(Records from a dataset)

┌──

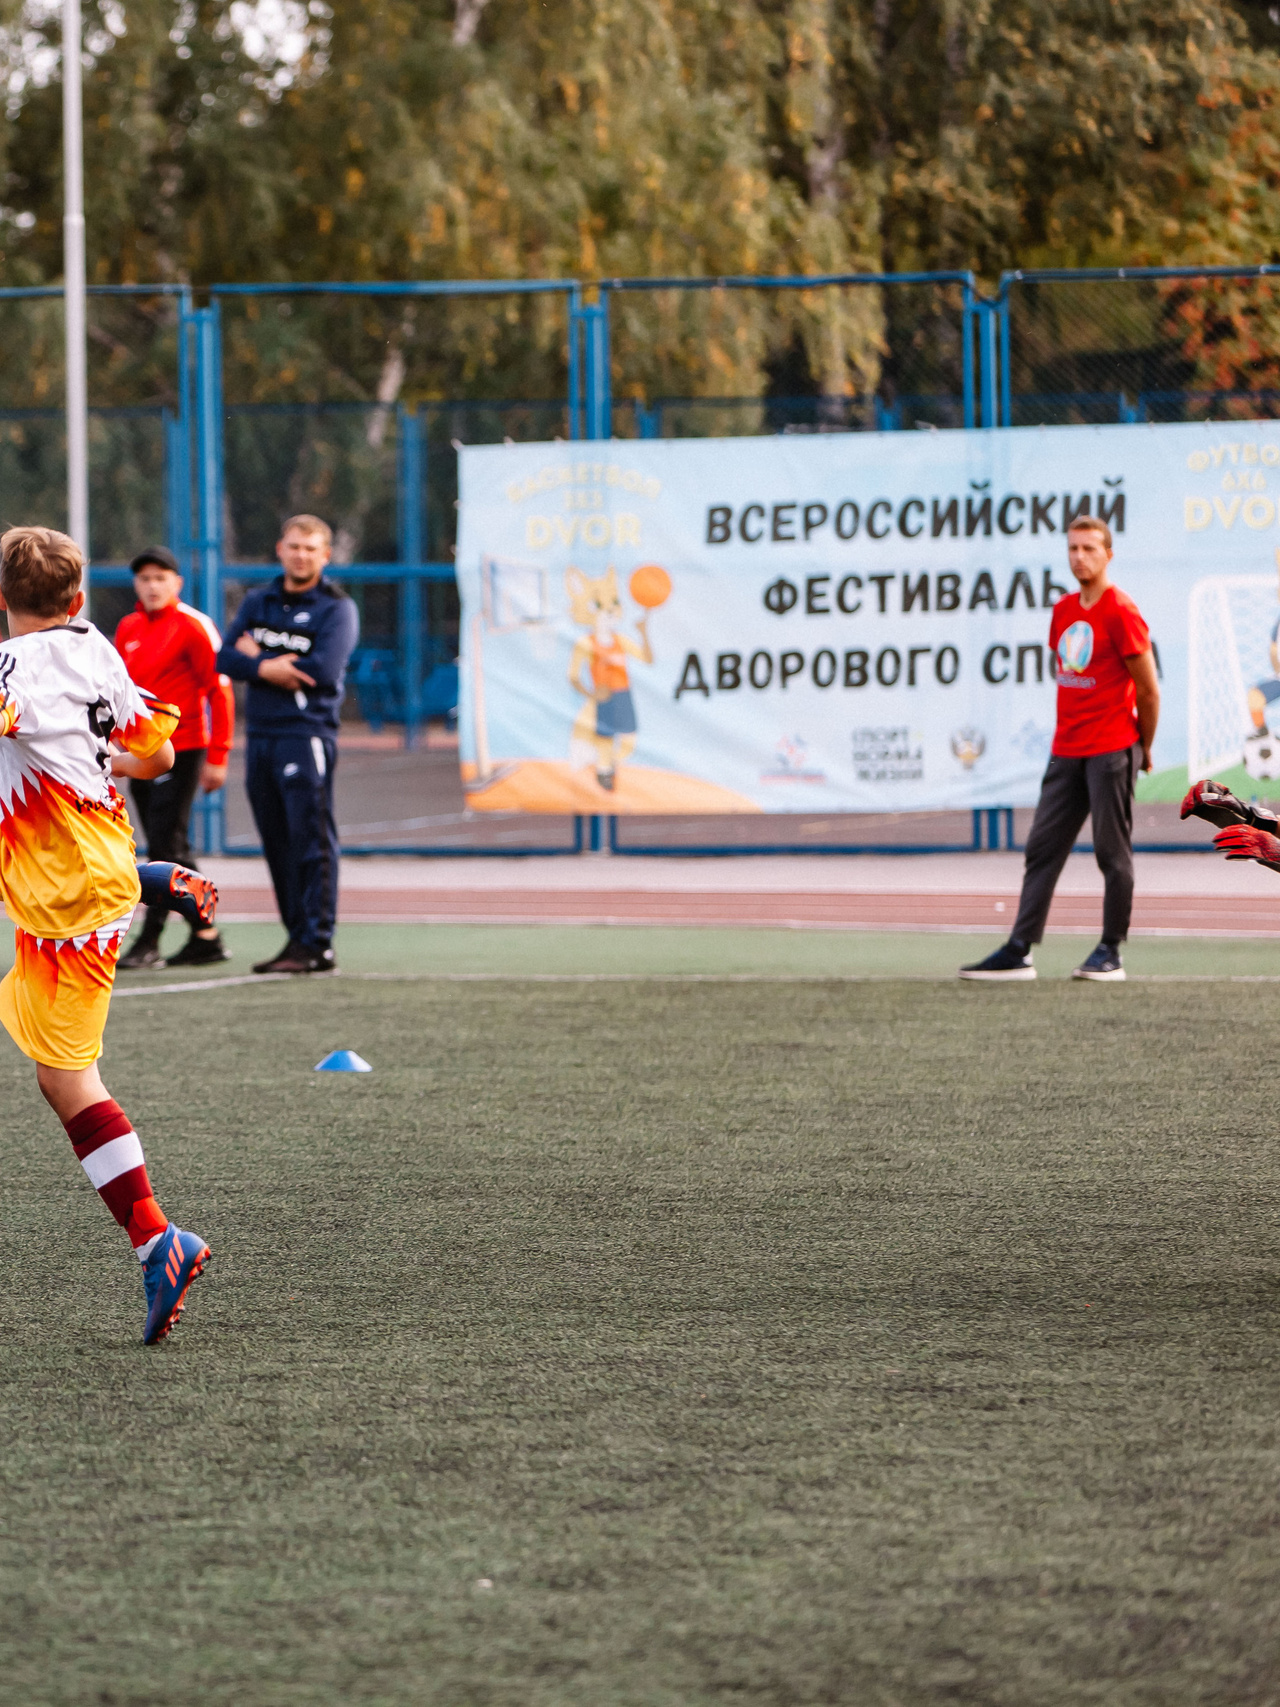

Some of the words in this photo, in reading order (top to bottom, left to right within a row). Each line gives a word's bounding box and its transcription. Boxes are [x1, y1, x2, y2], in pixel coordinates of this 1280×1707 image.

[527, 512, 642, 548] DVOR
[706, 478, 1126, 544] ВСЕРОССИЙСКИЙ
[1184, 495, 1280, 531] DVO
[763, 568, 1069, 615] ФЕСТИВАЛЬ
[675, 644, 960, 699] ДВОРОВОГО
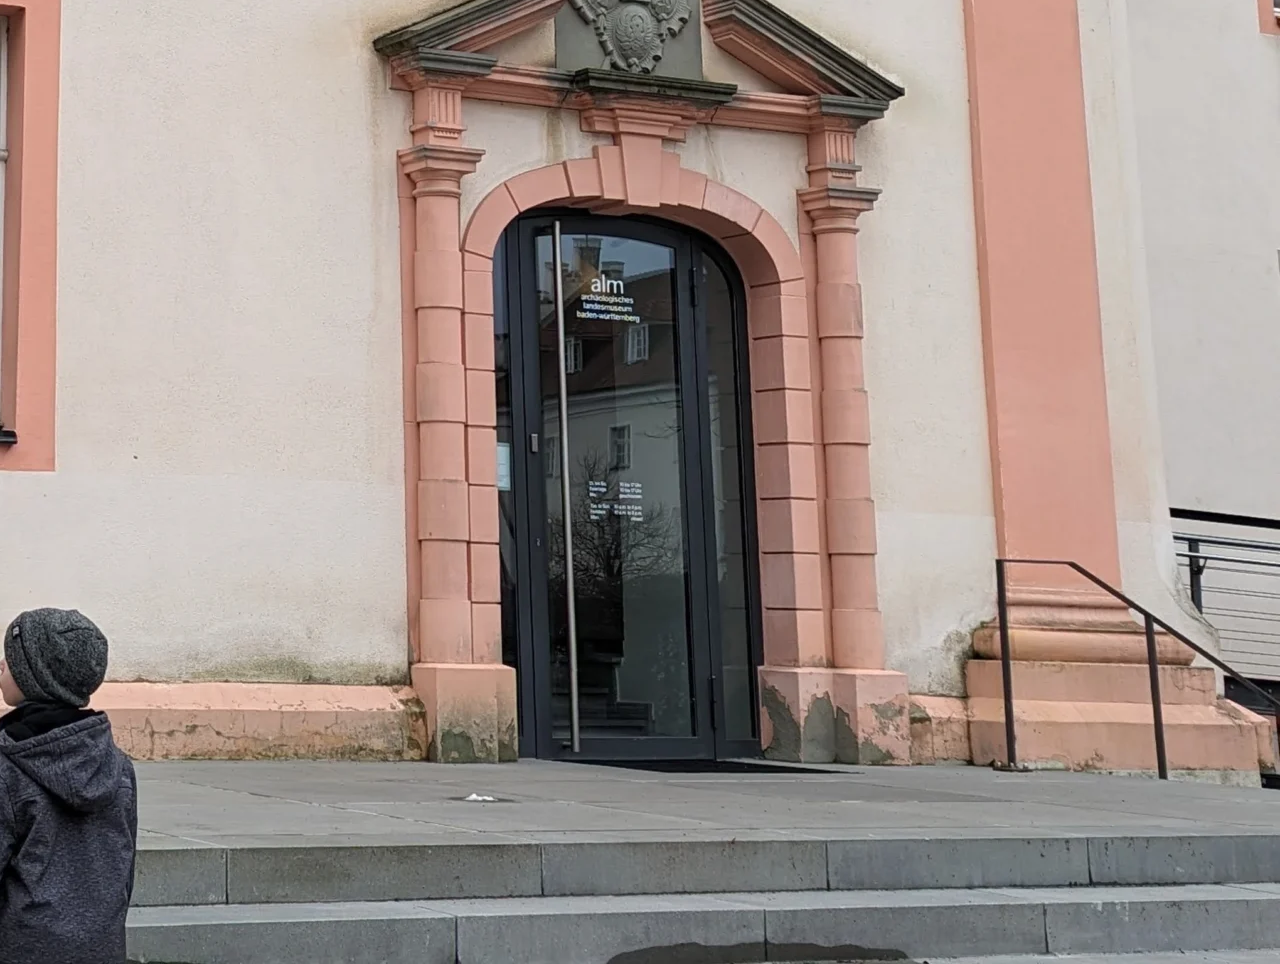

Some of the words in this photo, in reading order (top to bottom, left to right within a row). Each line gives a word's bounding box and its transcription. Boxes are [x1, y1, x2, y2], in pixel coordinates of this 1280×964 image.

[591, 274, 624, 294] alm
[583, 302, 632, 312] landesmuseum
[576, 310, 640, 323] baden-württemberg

└──

▶ _TASK ITEM_
Once the pictures are removed, print all the remaining data exactly as it stands.

▶ _RESPONSE AREA_
Some of the words in this photo, in reading order (top to bottom, left to right within a row). Each line gives a word's bounding box and its transcription. Boxes are [x1, y1, x2, y2], in pixel coordinates of this 1280×1707 image.

[527, 512, 642, 548] DVOR
[706, 478, 1126, 544] ВСЕРОССИЙСКИЙ
[1184, 495, 1280, 531] DVO
[763, 568, 1069, 615] ФЕСТИВАЛЬ
[675, 644, 960, 699] ДВОРОВОГО

Some of the words in this photo, in reading order (top to bottom, left to right within a row). Each line gives a word's bounding box and its transcription. Boxes are [x1, y1, x2, y2], in pixel coordinates of this 1280×964 image.

[591, 274, 624, 294] alm
[583, 302, 632, 312] landesmuseum
[576, 310, 640, 323] baden-württemberg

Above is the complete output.